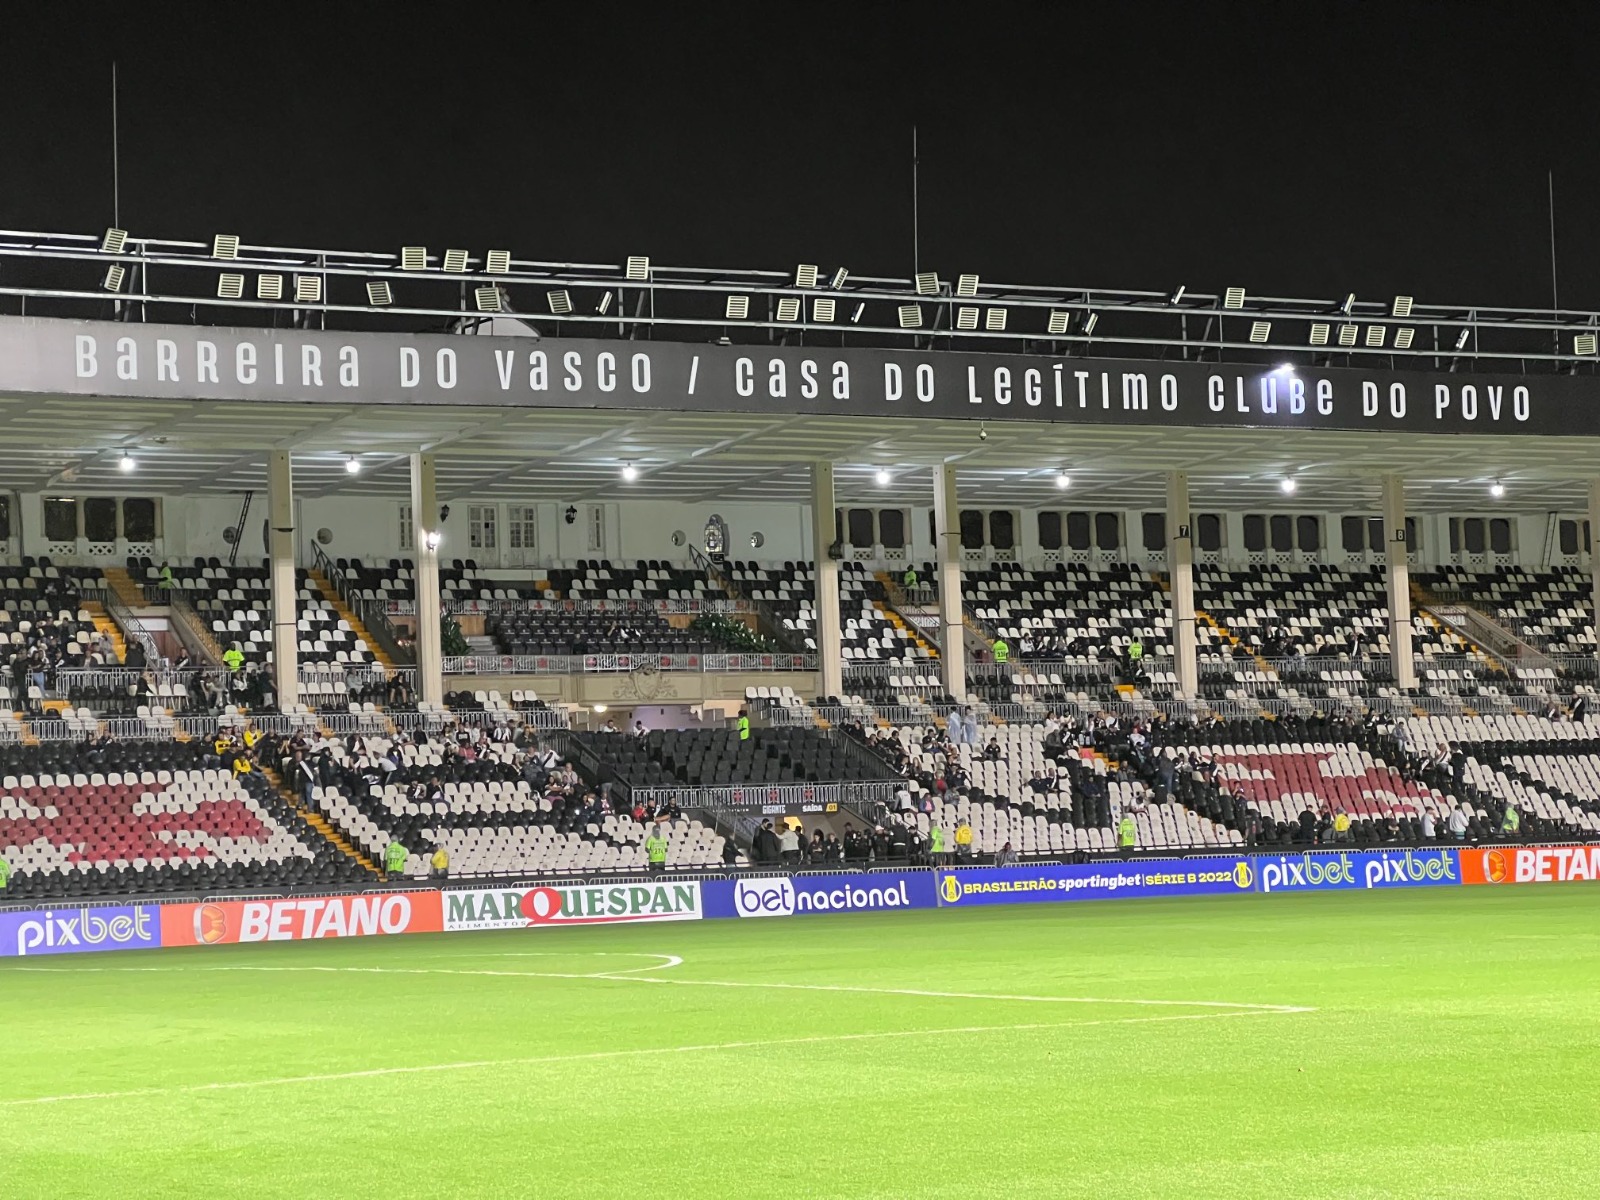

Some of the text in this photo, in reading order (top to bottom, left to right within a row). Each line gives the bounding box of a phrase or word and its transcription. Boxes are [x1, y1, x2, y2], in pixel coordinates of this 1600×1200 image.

[399, 347, 457, 389] DO
[884, 362, 935, 403] DO
[1362, 381, 1407, 419] DO
[1435, 384, 1530, 421] POVO
[802, 803, 823, 812] SAÍDA
[963, 871, 1232, 894] BRASILEIRÃO sportingbet SÉRIE B 2022
[1263, 849, 1456, 892] pixbet pixbet
[447, 886, 695, 927] MARQUESPAN
[740, 880, 910, 912] bet nacional
[17, 904, 152, 955] pixbet
[238, 895, 412, 943] BETANO
[447, 920, 527, 930] ALIMENTOS
----
▶ Activity:
All of the records above must be copied exactly, except for the pictures.

▶ Task output:
Some of the text in this photo, in reading order (top to bottom, left to right within a row). Each line gives the bounding box of a phrase or word and its transcription. Boxes are [x1, y1, x2, y2], in pixel coordinates of this 1600×1200 image.

[399, 347, 457, 389] DO
[884, 362, 935, 403] DO
[1362, 381, 1407, 419] DO
[1435, 384, 1530, 421] POVO
[802, 803, 823, 812] SAÍDA
[963, 871, 1232, 894] BRASILEIRÃO sportingbet SÉRIE B 2022
[1263, 849, 1456, 892] pixbet pixbet
[447, 886, 695, 927] MARQUESPAN
[740, 880, 910, 912] bet nacional
[17, 904, 152, 955] pixbet
[238, 895, 412, 943] BETANO
[447, 920, 527, 930] ALIMENTOS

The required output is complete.